Denn sämtliche nationalistischen und oben genannten neofaschistischen Organisationen, deren Einfluss in alle Gesellschaftsschichten und bis in die höchsten Regierungskreise reicht, haben sich unter dem Motto „Die Ukraine den Ukrainern“ bereits seit Jahrzehnten das Ziel gesetzt, das komplette Land unter ihrer Herrschaft zu „ukrainisieren“. Eines ihrer wichtigsten Pläne war dabei schon von Anfang an, den Sonderstatus der Autonomen Republik Krim aufzuheben, die russische Marine aus Sewastopol zu vertreiben sowie die Krim und die Ostukraine zu „entrussifizieren“. Kein Wunder also, dass sich unmittelbar nach dem Umsturz 2014 die ethnisch russische Bevölkerungsmehrheit auf der Halbinsel so schnell wie möglich von Kiew lossagen und unter die Fittiche ihrer einzig möglichen Schutzmacht, der Russischen Föderation begeben wollte.

Die Eile mit der die Abspaltung der Krim vonstatten ging, ist auch mit der Brutalität zu erklären, mit der die faschistischen Kräfte gegen den „Antimaidan“ (https://www.youtube.com/watch?v=imuRAjM2Yj4) vorgegangen sind, eine antifaschistische Bürgerbewegung, die sich zur Jahreswende 2013/2014 als Gegengewicht zum immer mehr erstarkenden „Euromaidan“ gegründet hat und in den deutschen Massenmedien bis heute fälschlicherweise als „pro-russische Separatisten“ diffamiert wird. Brutale Verbrechen der neofaschistischen Kräfte des „Euromaidan“ waren unter anderem der Überfall auf das im Westen weitgehend unbekannte Zeltlager der Unterstützer von Präsident Janukowitsch im Kiewer Mariinski-Park am 18. Februar 2014 mit etwa einem Dutzend Toten und der Überfall auf das Gebäude der regierenden „Partei der Regionen“ am gleichen Tag, das dabei in Brand gesteckt wurde.

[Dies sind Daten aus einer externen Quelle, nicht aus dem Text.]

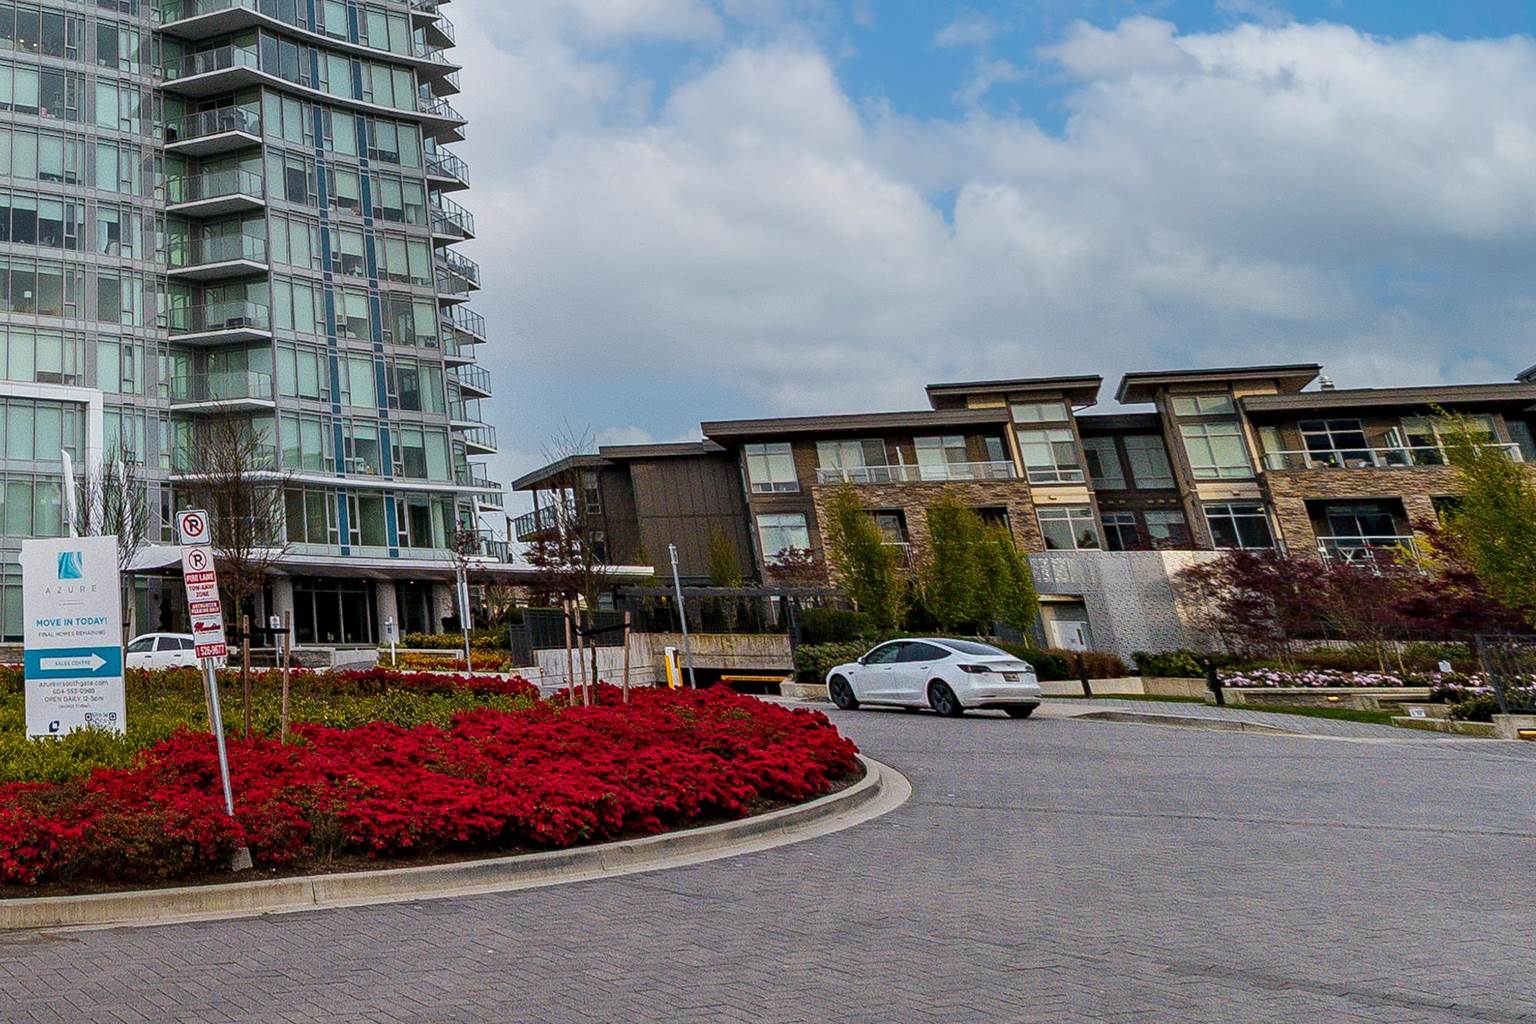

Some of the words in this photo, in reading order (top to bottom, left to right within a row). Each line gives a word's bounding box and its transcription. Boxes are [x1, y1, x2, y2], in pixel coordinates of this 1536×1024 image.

[186, 574, 199, 583] FIRE
[199, 572, 214, 581] LANE
[45, 584, 97, 594] AZURE
[36, 618, 62, 627] MOVE
[64, 618, 73, 626] IN
[75, 617, 108, 626] TODAY!

Am 20. Februar 2014 überfielen Mitglieder des „Rechten Sektor“ auf der Landstraße bei Korsun einen Buskonvoi mit Krimheimkehrern vom inzwischen aufgelösten Zeltlager im Mariinski-Park, setzten alle Busse in Brand und töteten etwa ein Dutzend Krimbewohner. 

Auch andere Bus-Konvois mit Heimkehrern vom Mariinski-Park aus anderen Landesteilen wurden von Neofaschisten überfallen, die Fahrzeuge zerstört, Insassen misshandelt und erschlagen. Wohlgemerkt passierte das alles bereits vor dem endgültigen Sturz des Präsidenten. Anschließend rüsteten sich die nationalistischen und neofaschistischen Kräfte zum Marsch auf die Krim (https://www.youtube.com/watch?v=wwVUp4IWEKw). Der dann glücklicherweise nicht mehr stattgefunden hat.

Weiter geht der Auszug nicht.